• Exercise
Leave out the pictures and retype all the entries below exactly.
Start of Data extract
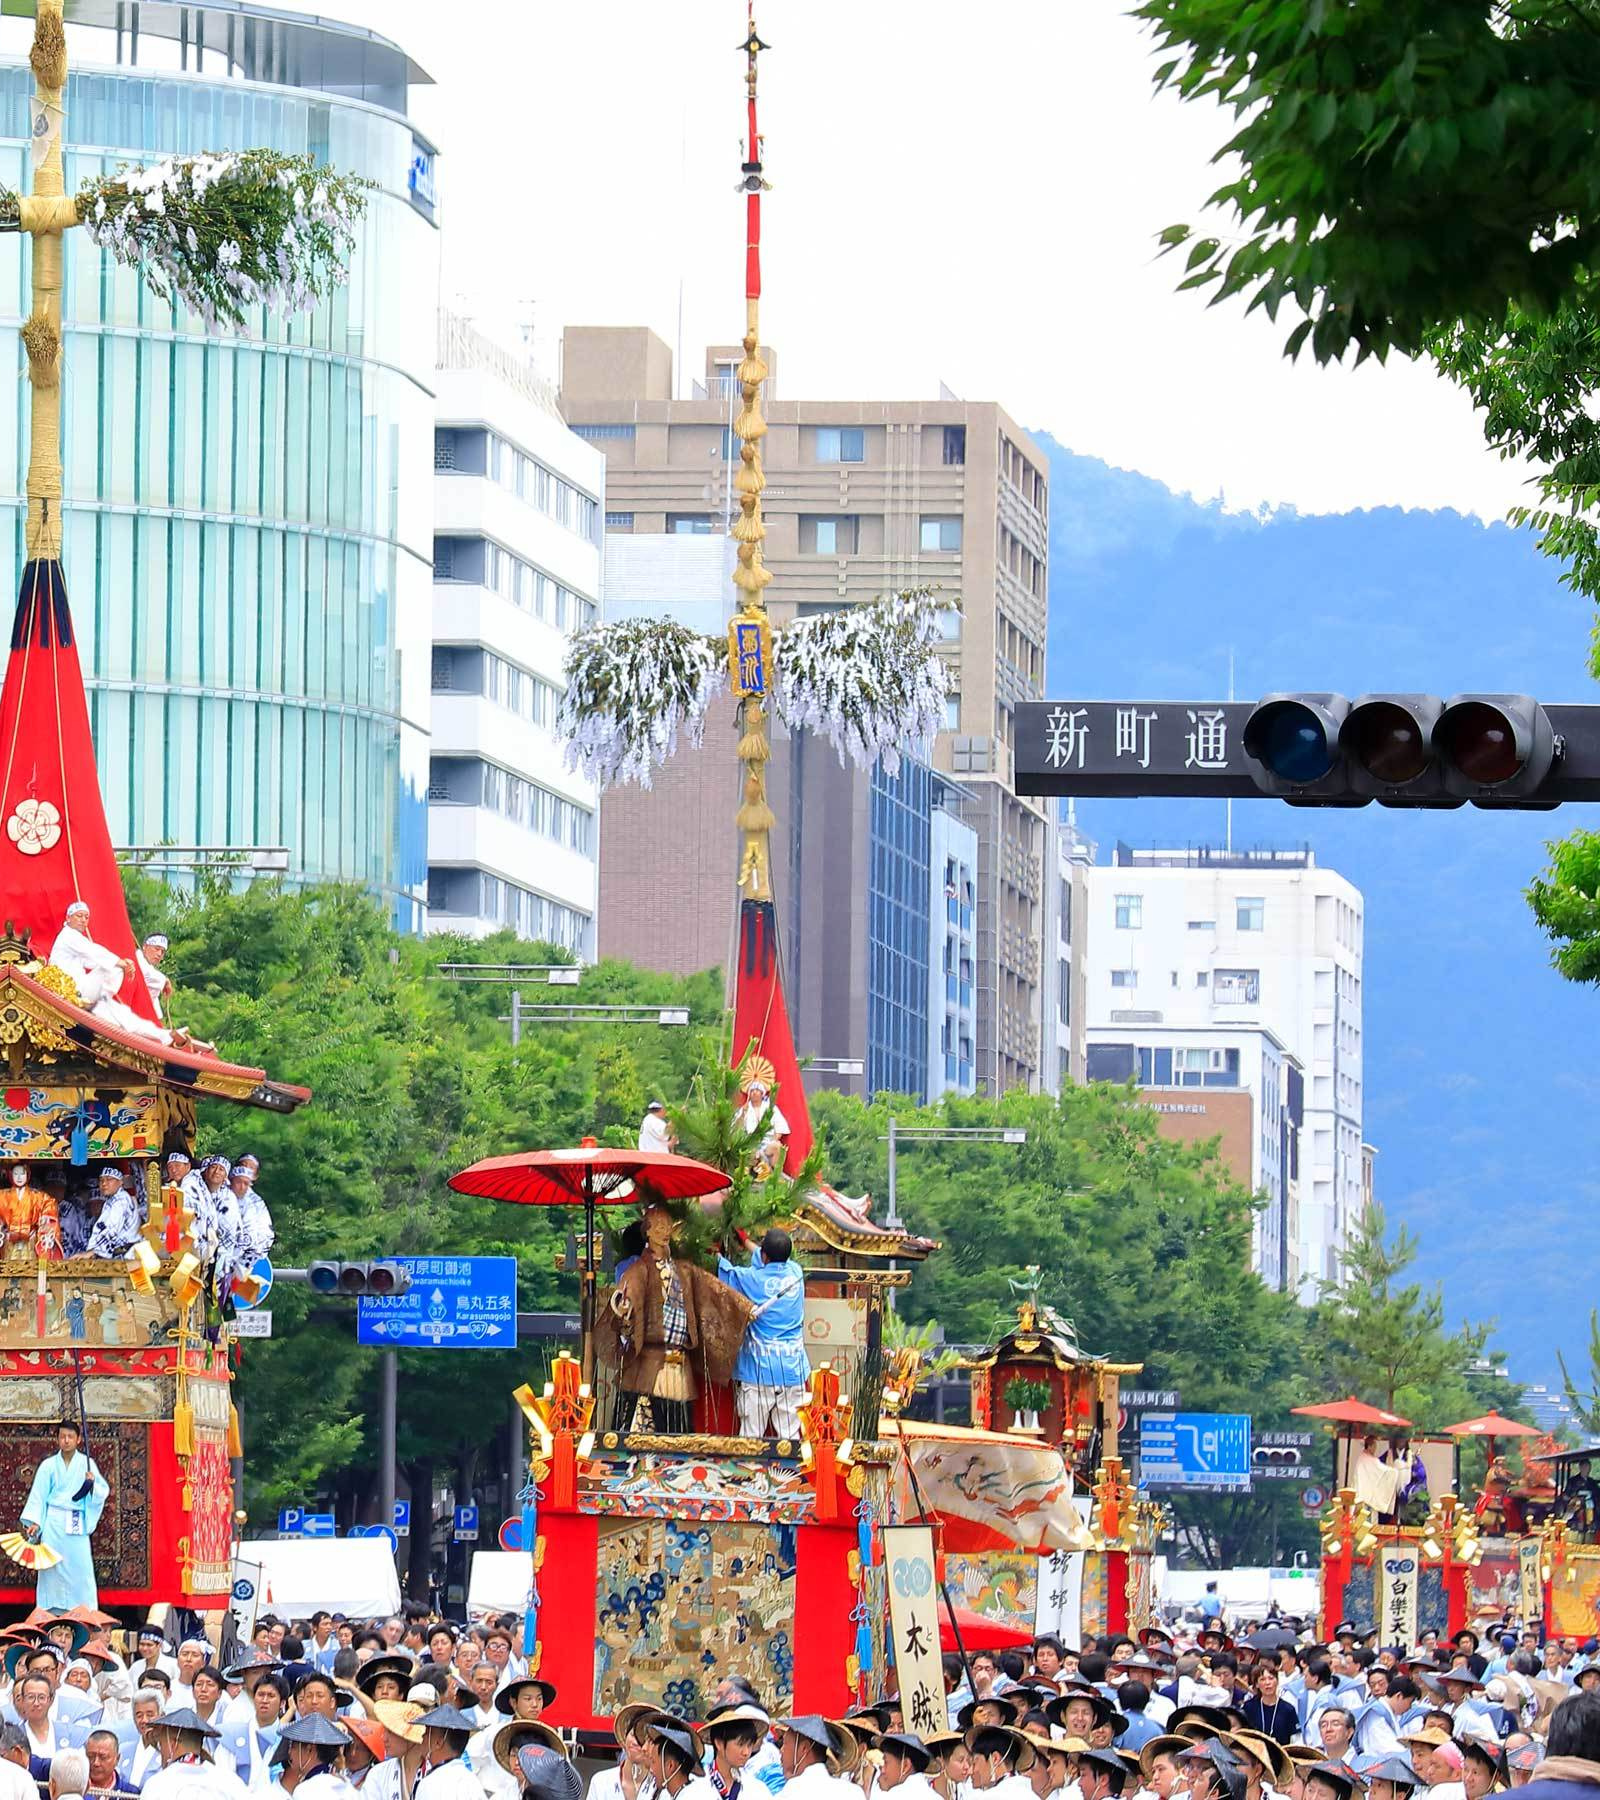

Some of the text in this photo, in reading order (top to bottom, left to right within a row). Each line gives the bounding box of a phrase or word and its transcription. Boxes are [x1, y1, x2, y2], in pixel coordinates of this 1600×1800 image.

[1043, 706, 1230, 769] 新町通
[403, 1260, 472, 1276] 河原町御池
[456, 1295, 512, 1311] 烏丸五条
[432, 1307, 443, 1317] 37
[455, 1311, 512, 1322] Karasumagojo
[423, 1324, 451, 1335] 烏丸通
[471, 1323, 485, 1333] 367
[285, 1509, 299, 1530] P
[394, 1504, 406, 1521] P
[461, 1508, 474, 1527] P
End of Data extract
• Answer to the problem
Some of the text in this photo, in reading order (top to bottom, left to right within a row). Each line gives the bounding box of a phrase or word and its transcription. Boxes are [x1, y1, x2, y2], in pixel coordinates of this 1600×1800 image.

[1043, 706, 1230, 769] 新町通
[403, 1260, 472, 1276] 河原町御池
[456, 1295, 512, 1311] 烏丸五条
[432, 1307, 443, 1317] 37
[455, 1311, 512, 1322] Karasumagojo
[423, 1324, 451, 1335] 烏丸通
[471, 1323, 485, 1333] 367
[285, 1509, 299, 1530] P
[394, 1504, 406, 1521] P
[461, 1508, 474, 1527] P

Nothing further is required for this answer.